Exercise goal
When you reproduce the listing, keep every word as it is and drop the pictures.

Provided records
::::::::

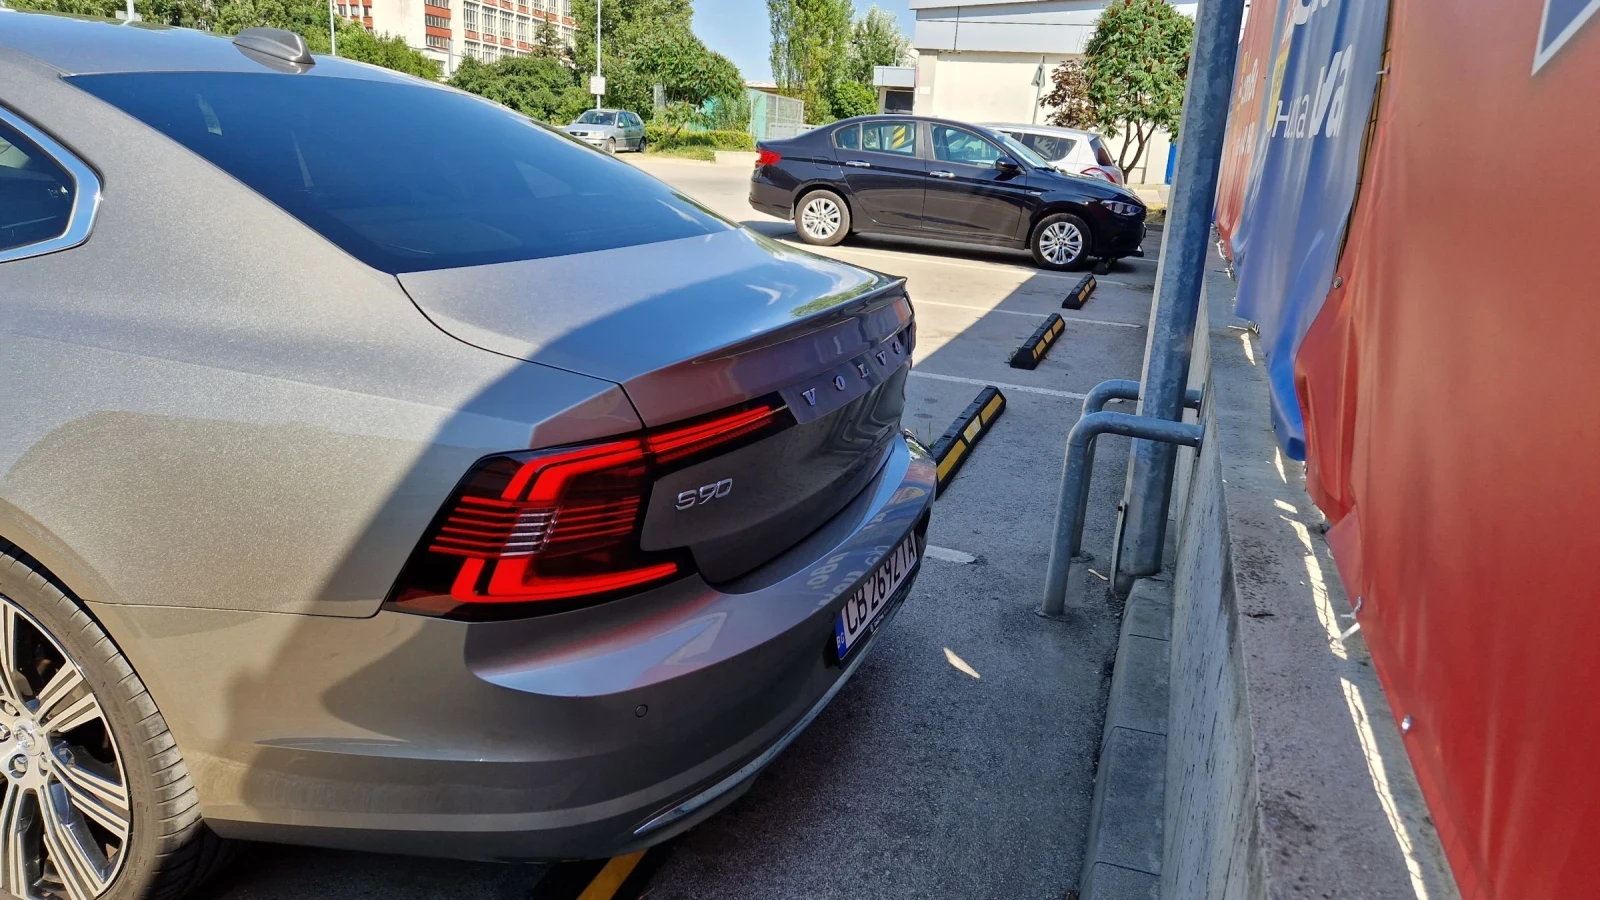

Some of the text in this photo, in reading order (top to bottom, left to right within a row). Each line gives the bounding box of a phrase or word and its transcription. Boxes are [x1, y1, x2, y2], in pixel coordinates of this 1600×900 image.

[801, 341, 901, 406] VOLVO
[675, 478, 733, 511] S90
[845, 587, 868, 635] CB
[868, 550, 900, 612] 2692
[836, 631, 845, 650] BG

::::::::

Final answer
Some of the text in this photo, in reading order (top to bottom, left to right within a row). Each line gives the bounding box of a phrase or word and its transcription. Boxes are [x1, y1, x2, y2], in pixel coordinates of this 1600×900 image.

[801, 341, 901, 406] VOLVO
[675, 478, 733, 511] S90
[845, 587, 868, 635] CB
[868, 550, 900, 612] 2692
[836, 631, 845, 650] BG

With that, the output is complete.